After those issues, Kelly could have gone the expected road and taken on a big-budget studio tentpole. He could have directed the sequel, which he declined to do( it aimed up being terrible and running straight-out to DVD ). Instead, he preferred this peculiar, dense narrative about the decline of American power.
President-elect Donald Trump was only a reality show curiosity when Southland Tales was released, but his mixture of profane and pious could easily have constructed him a character in the film. I think that Donald Trump is this grotesque inevitability that has get this far because there was something really, really dangerous hiding beneath the surface, that has been hiding beneath the surface for many, many years. The Republicans Kelly imagined in Southland Tales were the neocon religion zealots that seem nearly quaint to modern eyes. They seemed like the ultimate boogeymen in 2007, but as Kelly points out , no one in the Bush family would even show up at the RNC[ Republican national convention ].
What Southland Tales expressed better than most politically charged films of the Bush era was the sentiment that it would get worse, that something had been unleashed that could not be put back. At the time that we were making Southland Tales, it was Iraq war and Britney Spears. That dichotomy on your Tv screen. The branding and everything was happening. It seemed inevitable that all individuals would start to co-opt branding. Social media hadnt really explosion yet. To see politicians going after one another on Twitter, its bizarre. To consider Elizabeth Warren quoting the monorail on the Simpsons. To ensure legislators co-opting this millennial social media branding, its a blur of the lines.
Each of his three cinemas reflects that sheepish rebellion that is part of his personality. Donnie Darko was a mostly passive protagonist struggling against both the oppressive system of high school and the levers of fate that he could only pull at the films climax. Boxer Santaros is a pawn in a conflict between fascism and socialism, religion and science, and love and demise.
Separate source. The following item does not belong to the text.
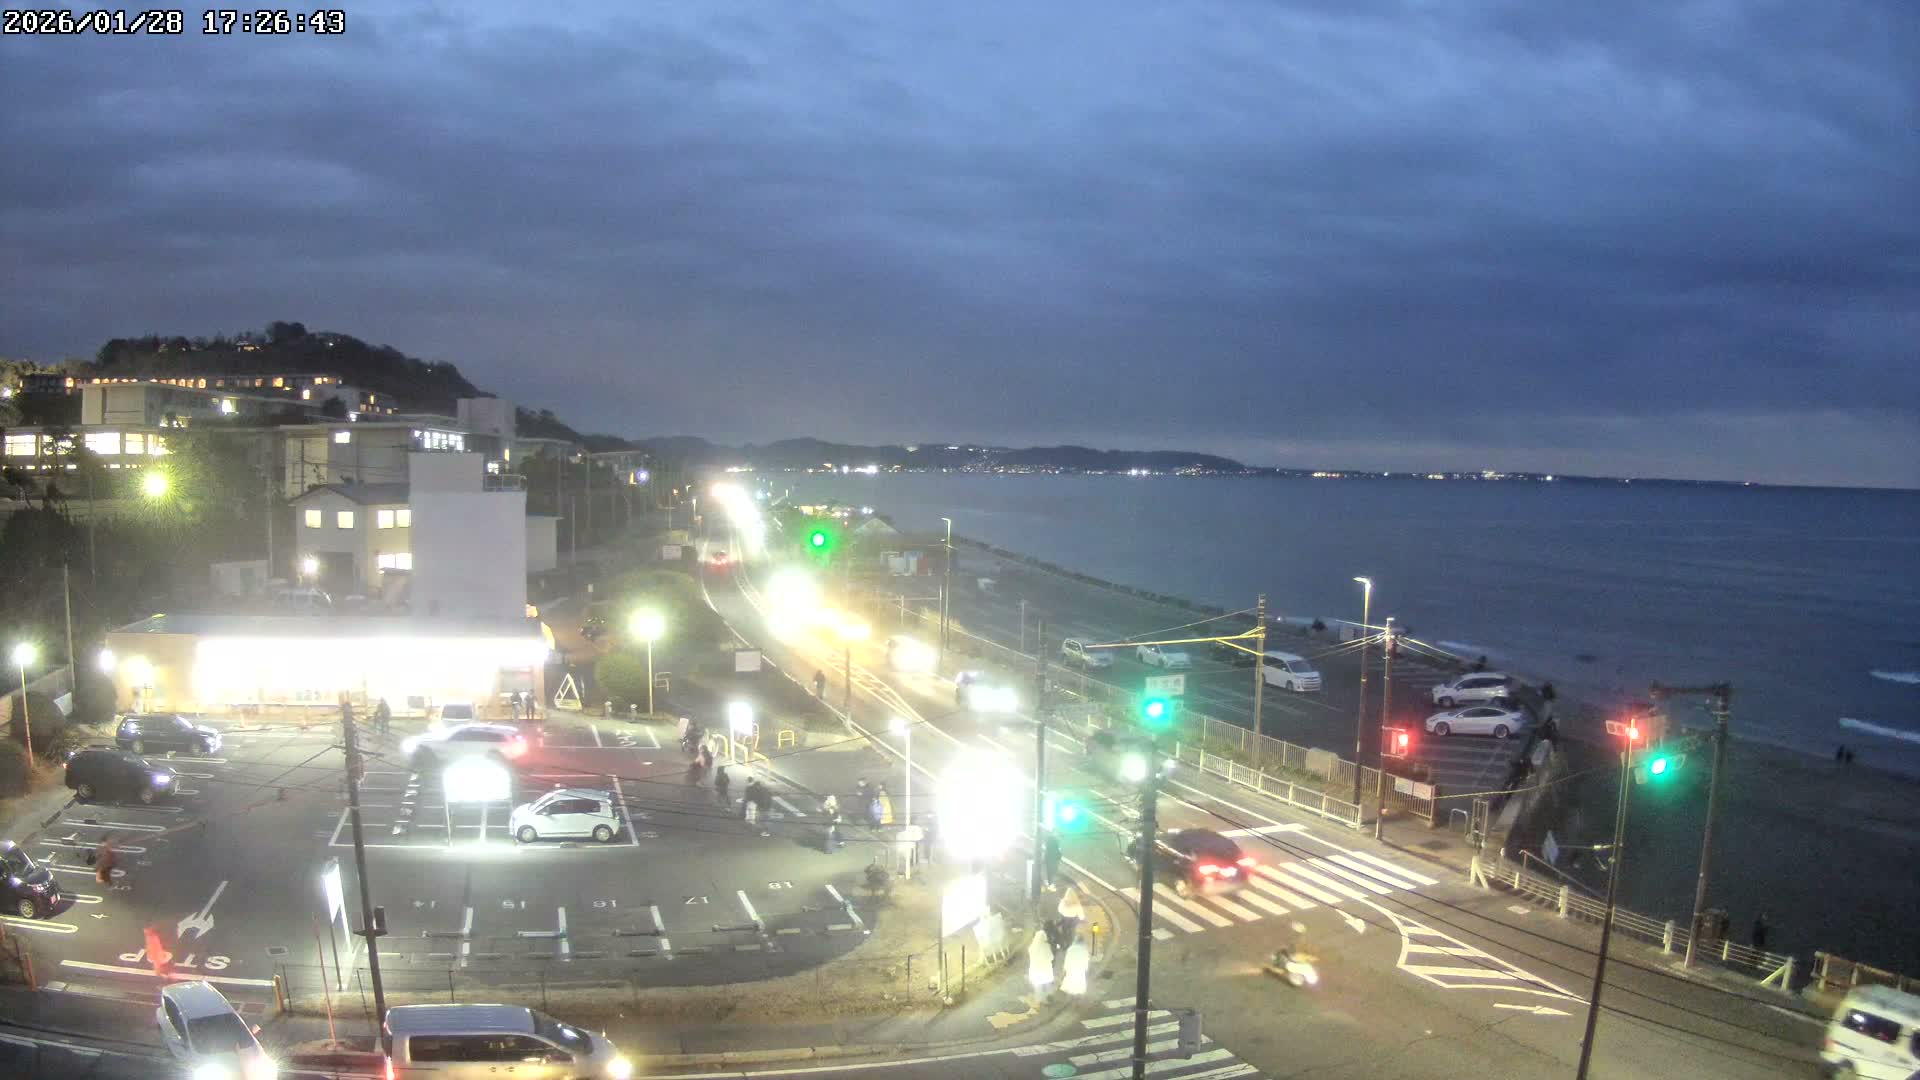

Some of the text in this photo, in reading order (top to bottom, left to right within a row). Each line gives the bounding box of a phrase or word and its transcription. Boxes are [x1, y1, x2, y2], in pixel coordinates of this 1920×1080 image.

[767, 881, 793, 890] 18
[502, 899, 527, 909] 15
[592, 899, 617, 908] 16
[685, 896, 709, 905] 17
Eventually, those characters succumb to a power greater than any on Ground, something unknowable. So does Kelly guess all this is down to higher power pulling the strings?
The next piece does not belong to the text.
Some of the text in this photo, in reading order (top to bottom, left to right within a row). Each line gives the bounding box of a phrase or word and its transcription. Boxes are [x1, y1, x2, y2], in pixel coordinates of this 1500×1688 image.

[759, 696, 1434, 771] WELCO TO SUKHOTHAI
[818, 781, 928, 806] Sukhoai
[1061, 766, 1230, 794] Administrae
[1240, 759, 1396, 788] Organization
I dont suppose any of this happened by collision. Thats just depressing and absurd, in my opinion, he answers. I do think theres a design to things, and we can never hope to know it in any of our lifetimes. Portion of current challenges is trying to make sense of it. Thats whats cathartic for me as an artist, to try to make sense of it.
Read more: www.theguardian.com
The post Donnie Darko director Richard Kelly: ‘Sometimes films require time to marinate’ appeared first on Top Rated Solar Panels.